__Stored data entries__
┌────────

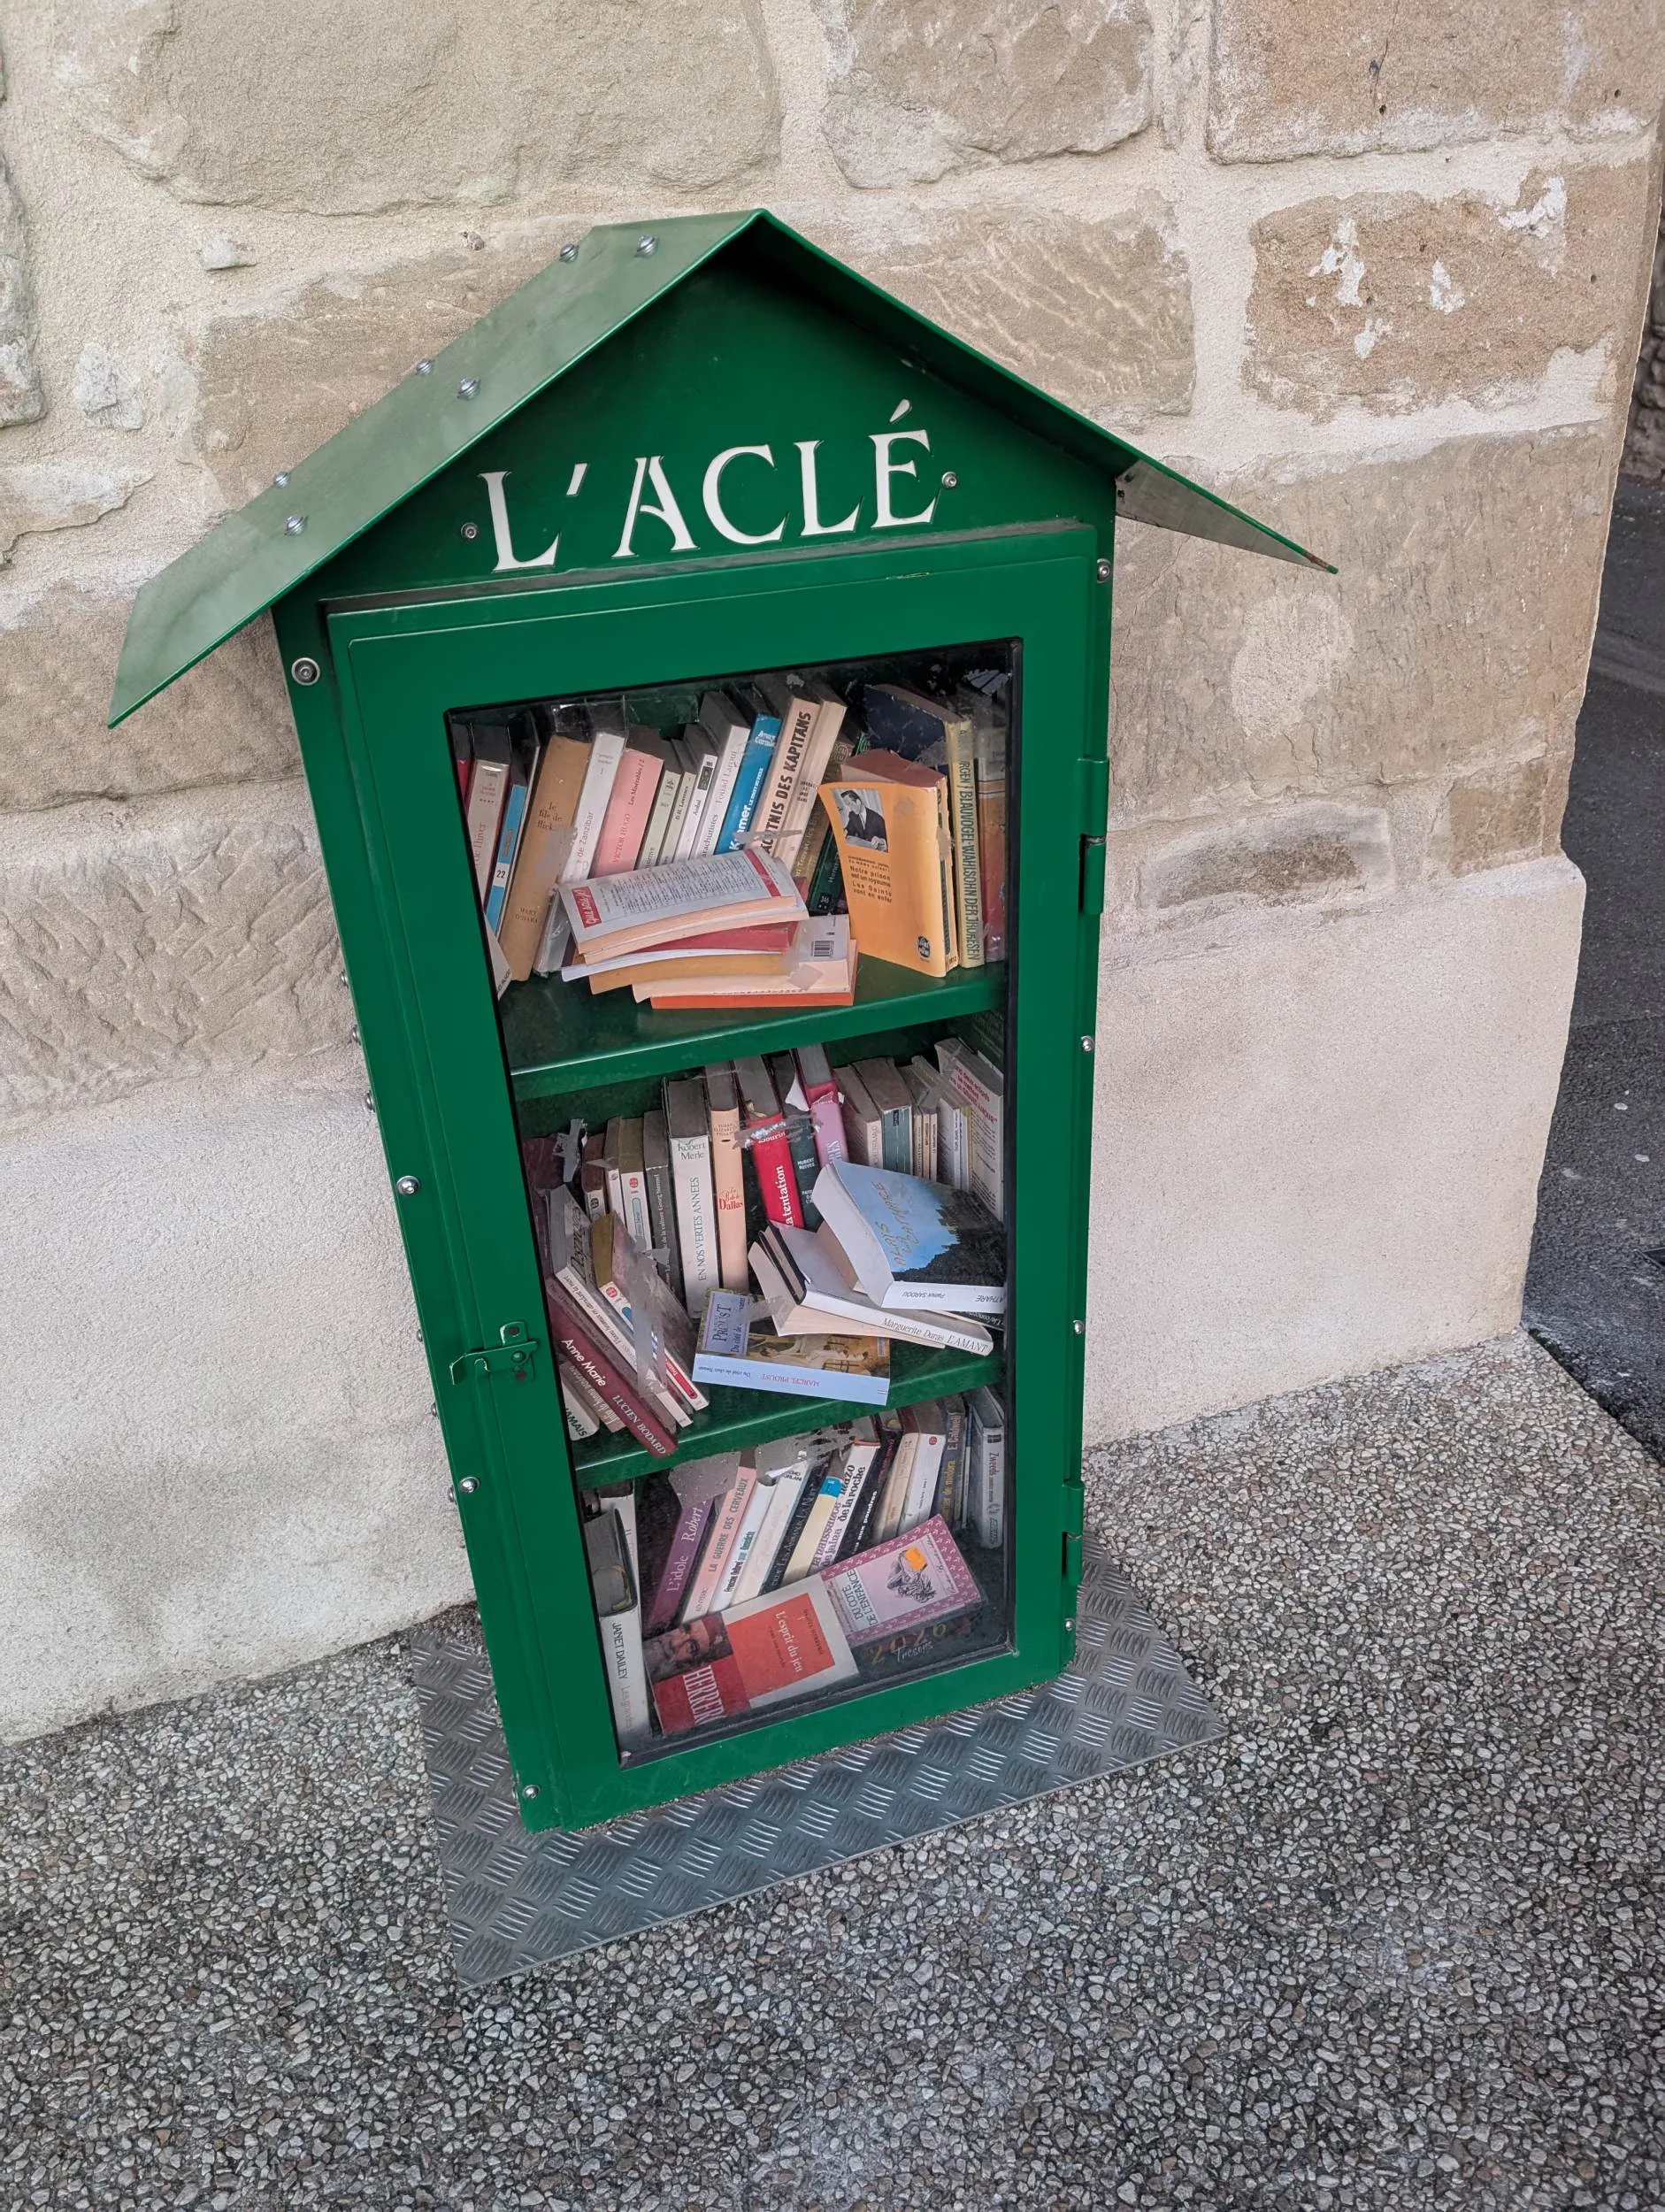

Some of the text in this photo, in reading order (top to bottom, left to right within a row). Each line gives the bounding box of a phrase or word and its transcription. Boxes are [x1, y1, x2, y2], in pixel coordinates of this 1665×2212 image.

[477, 399, 940, 572] L'ACLÉ
[775, 775, 793, 799] DES
[581, 810, 595, 846] Zanzibar
[620, 812, 631, 835] HUGO
[702, 814, 718, 857] arachutistes
[729, 804, 752, 850] Kmer
[495, 869, 506, 879] 22
[677, 1140, 706, 1152] Robert
[776, 1165, 793, 1214] tentation
[718, 1198, 743, 1210] Dallas
[693, 1210, 704, 1246] VERTES
[695, 1247, 706, 1270] NOS
[697, 1270, 707, 1281] EN
[901, 1289, 928, 1299] SARDOU
[975, 1294, 1005, 1304] ATHARE
[883, 1317, 924, 1337] Marguerite
[923, 1327, 944, 1344] Duras
[561, 1339, 607, 1387] Anne Marie
[760, 1371, 819, 1389] MARCEL PROUST
[565, 1409, 588, 1438] AMAIS
[612, 1394, 667, 1455] LUCIEN BODARD
[987, 1452, 999, 1476] Zweeds
[727, 1476, 749, 1513] CERVEAUX
[838, 1465, 866, 1524] de la roche
[863, 1490, 879, 1525] poudres
[721, 1515, 734, 1531] DES
[664, 1505, 705, 1594] L'idole Robert
[711, 1531, 729, 1560] GUERRE
[707, 1562, 718, 1573] LA
[847, 1569, 873, 1615] L'ENFANCE
[771, 1609, 795, 1645] L'esprit
[852, 1608, 864, 1620] DU
[866, 1613, 879, 1625] DE
[611, 1621, 627, 1679] JANET DAILEY
[786, 1644, 799, 1657] du
[788, 1657, 804, 1673] jeu

└────────

__Assignment__
Each entry should be output word for word, with no pictures carried over.

__Your solution__
Some of the text in this photo, in reading order (top to bottom, left to right within a row). Each line gives the bounding box of a phrase or word and its transcription. Boxes are [x1, y1, x2, y2], in pixel coordinates of this 1665×2212 image.

[477, 399, 940, 572] L'ACLÉ
[775, 775, 793, 799] DES
[581, 810, 595, 846] Zanzibar
[620, 812, 631, 835] HUGO
[702, 814, 718, 857] arachutistes
[729, 804, 752, 850] Kmer
[495, 869, 506, 879] 22
[677, 1140, 706, 1152] Robert
[776, 1165, 793, 1214] tentation
[718, 1198, 743, 1210] Dallas
[693, 1210, 704, 1246] VERTES
[695, 1247, 706, 1270] NOS
[697, 1270, 707, 1281] EN
[901, 1289, 928, 1299] SARDOU
[975, 1294, 1005, 1304] ATHARE
[883, 1317, 924, 1337] Marguerite
[923, 1327, 944, 1344] Duras
[561, 1339, 607, 1387] Anne Marie
[760, 1371, 819, 1389] MARCEL PROUST
[565, 1409, 588, 1438] AMAIS
[612, 1394, 667, 1455] LUCIEN BODARD
[987, 1452, 999, 1476] Zweeds
[727, 1476, 749, 1513] CERVEAUX
[838, 1465, 866, 1524] de la roche
[863, 1490, 879, 1525] poudres
[721, 1515, 734, 1531] DES
[664, 1505, 705, 1594] L'idole Robert
[711, 1531, 729, 1560] GUERRE
[707, 1562, 718, 1573] LA
[847, 1569, 873, 1615] L'ENFANCE
[771, 1609, 795, 1645] L'esprit
[852, 1608, 864, 1620] DU
[866, 1613, 879, 1625] DE
[611, 1621, 627, 1679] JANET DAILEY
[786, 1644, 799, 1657] du
[788, 1657, 804, 1673] jeu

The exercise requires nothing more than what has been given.